Carcinogenesis and tumorigenesis: Sildenafil has not demonstrated carcinogenicity in two rodent species studied.
Mutagenesis: Sildenafil has not demonstrated mutagenicity in vitro tests with bacteria and cells Chinese hamster ovary or clastogenesis in vitro studies on human lymphocytes and
live mouse micronucleus test.
Pregnancy and Reproduction: In rats and rabbits at doses between 20 and 40 times the maximum recommended in humans based on mg/m2 no evidence of teratogenicity or toxicity
the embryo or fetus. No problems were observed on fertility of female rats
or male. Since there is insufficient information on pregnant women, sildenafil
should not be administered during pregnancy.
No abnormalities were observed morphological or functional sperm
healthy volunteers receiving single doses of 100 mg of sildenafil orally.
Breastfeeding It is unknown whether sildenafil appears in breast milk.
Segurex is not indicated in children.
In people over 65 is recommended to adjust the dose (see Dosage and Body).
Adverse Reactions:
In Controlled Clinical trials, the discontinuation rate due to adverse events secondary to sildenafil (2.5%) is not statistically significant compared to the percentage discontinuation found in the placebo group (2.3%). The incidence of some increased adverse effects related to dose.
Following is the list of adverse reactions by device and frequency.
Qualifies as common to those present with an incidence greater than 2%. Highlights
those that occur most frequently in the active treatment group than in
the placebo group. Qualifies as occasional those observed with a frequency
less than 2% and whose relationship with sildenafil has not been established.
General.
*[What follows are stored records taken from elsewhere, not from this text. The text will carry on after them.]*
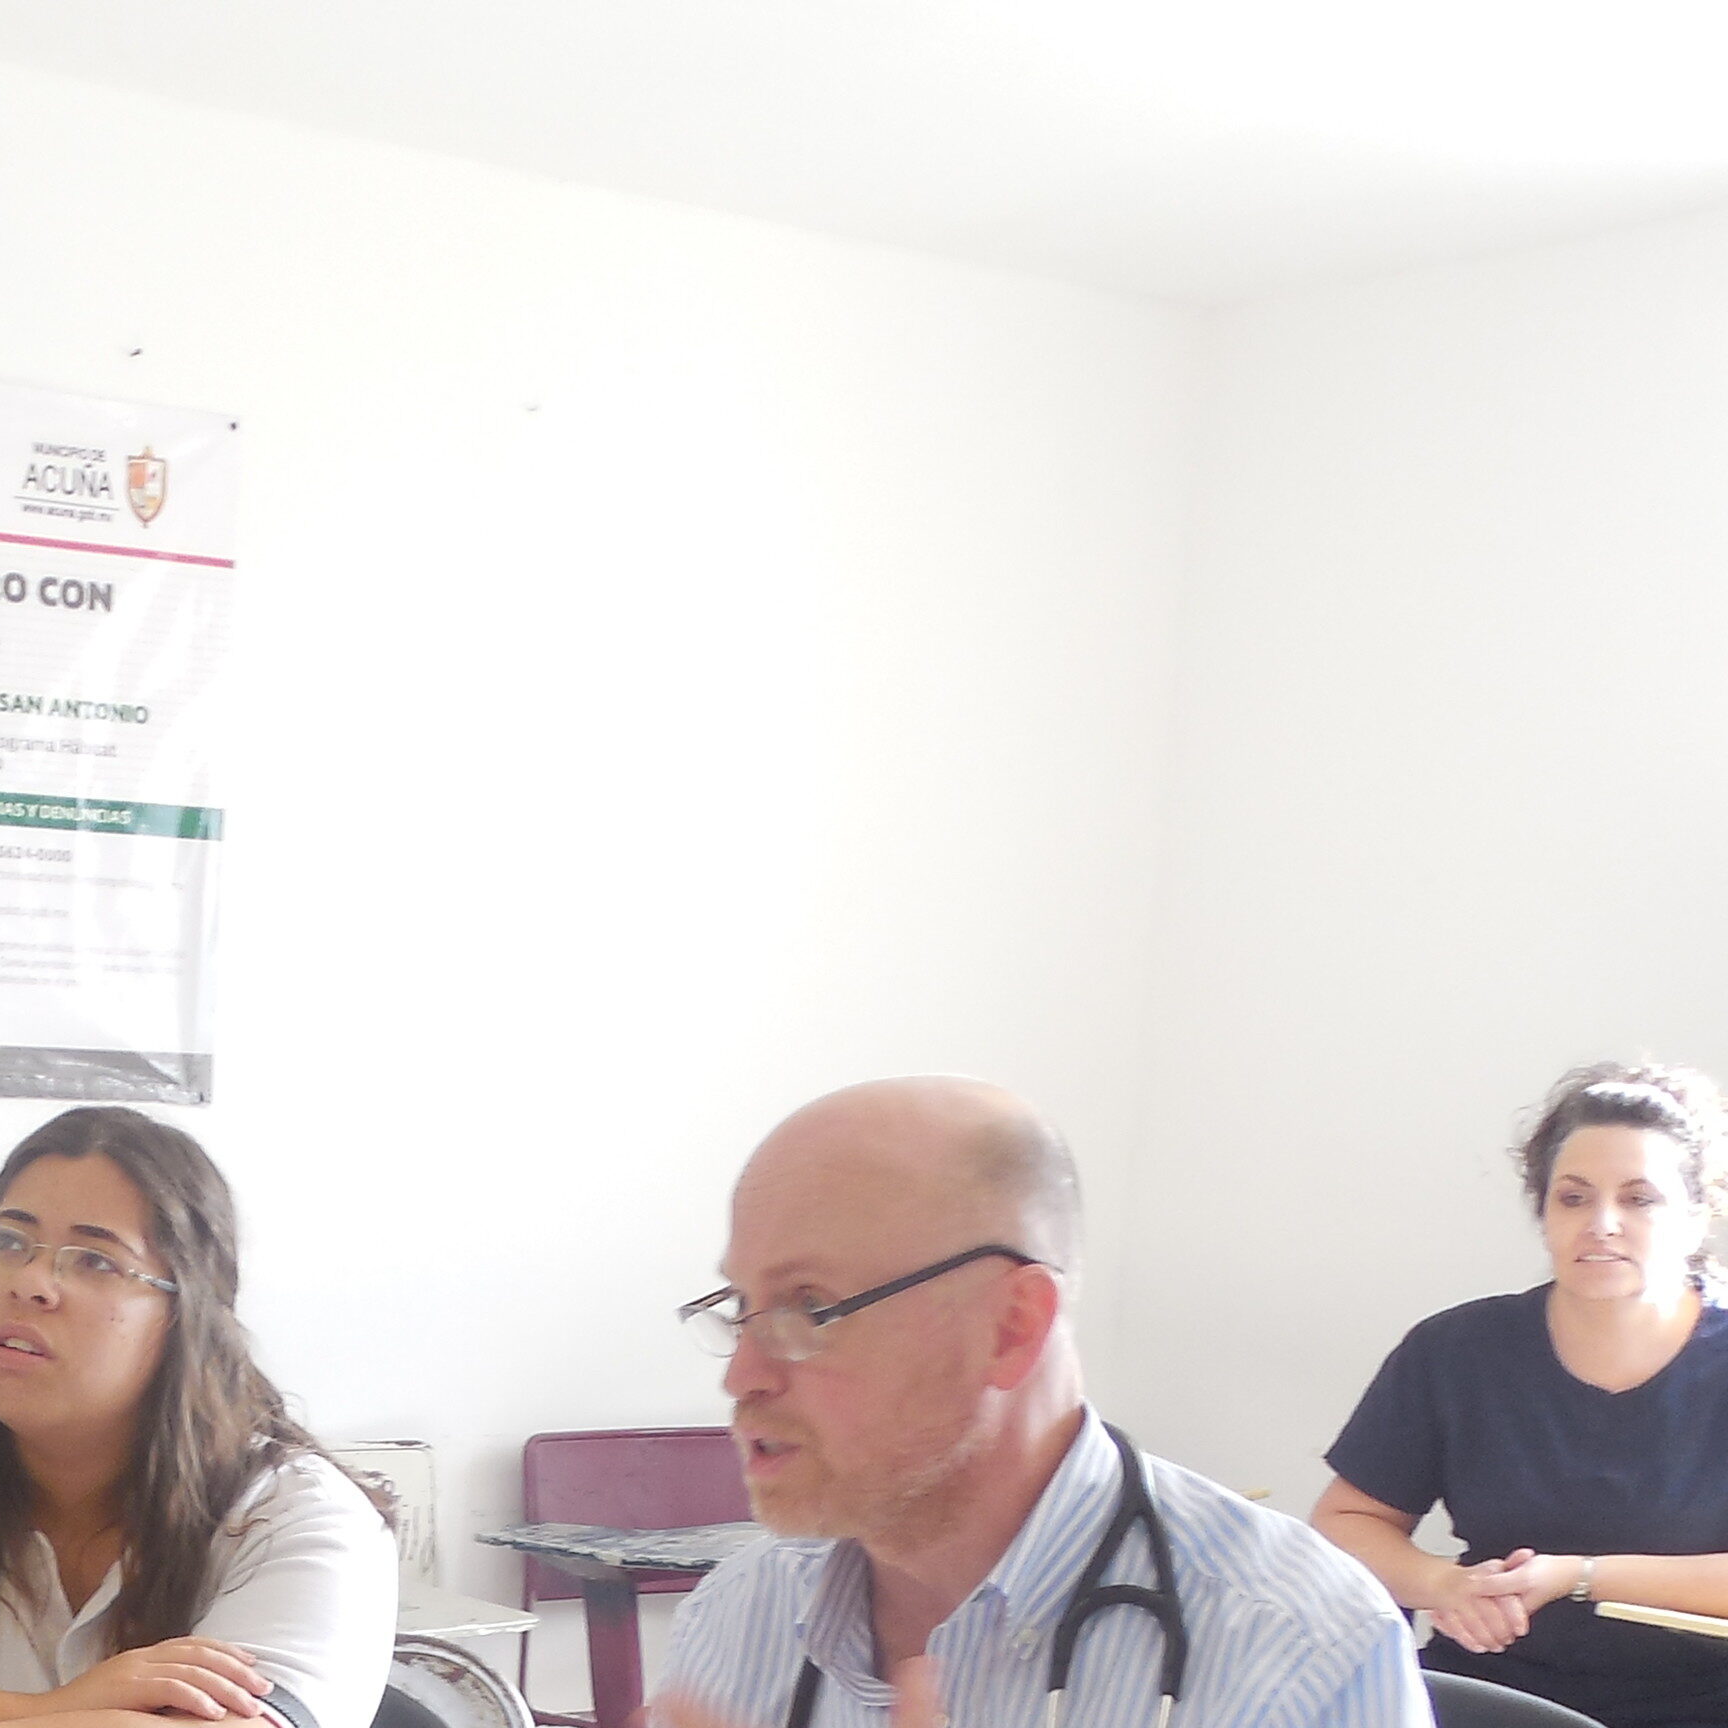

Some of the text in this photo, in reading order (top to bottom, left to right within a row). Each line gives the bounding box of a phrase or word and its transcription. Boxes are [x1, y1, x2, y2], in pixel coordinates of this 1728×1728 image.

[22, 463, 113, 500] ACUÑA
[39, 576, 114, 613] CON
[48, 698, 149, 725] ANTONIO
[39, 803, 133, 825] DENUNCIAS
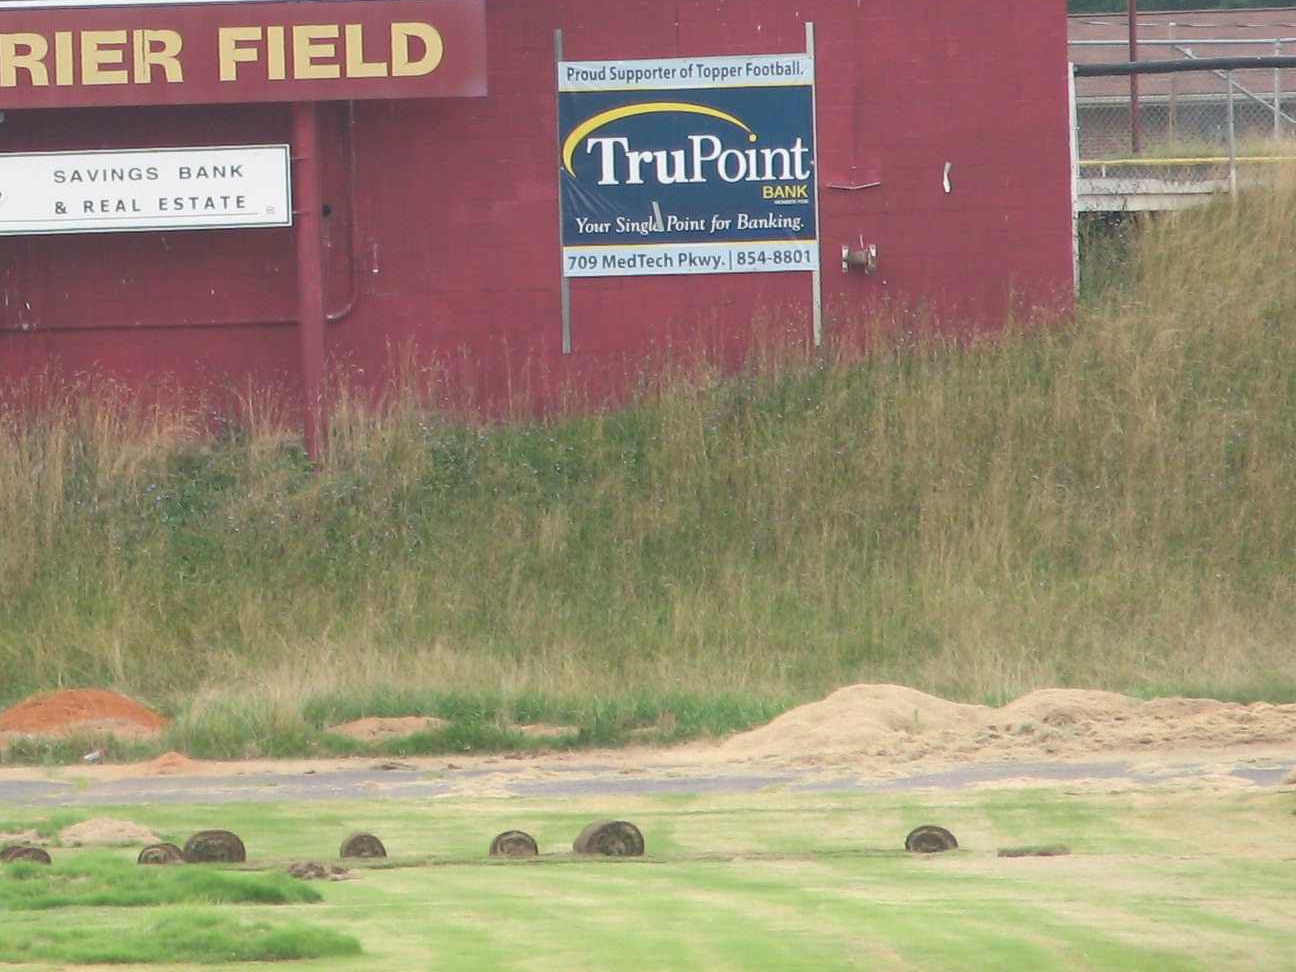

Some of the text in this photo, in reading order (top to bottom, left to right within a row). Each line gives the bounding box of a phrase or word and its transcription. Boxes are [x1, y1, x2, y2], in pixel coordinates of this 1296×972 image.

Frequent: flu syndrome. Infrequent: facial edema, thirst, photosensitivity,
shock, asthenia, chills, accidental falls, accidental injury.
Cardiovascular. Uncommon: chest pain, AV block, tachycardia, palpitations, hypotension,
orthostatic hypotension, myocardial ischemia, heart failure, heart failure,
ECG changes, syncope, cardiomyopathy.
Digestive. Common: dyspepsia, diarrhea. Dyspepsia is more common with doses of
100 mg with respect to the above. Occasional abdominal pain, vomiting, glossitis, dysphagia,
gastritis, gastroenteritis, esophagitis, stomatitis, dry mouth, rectal hemorrhage, gingivitis.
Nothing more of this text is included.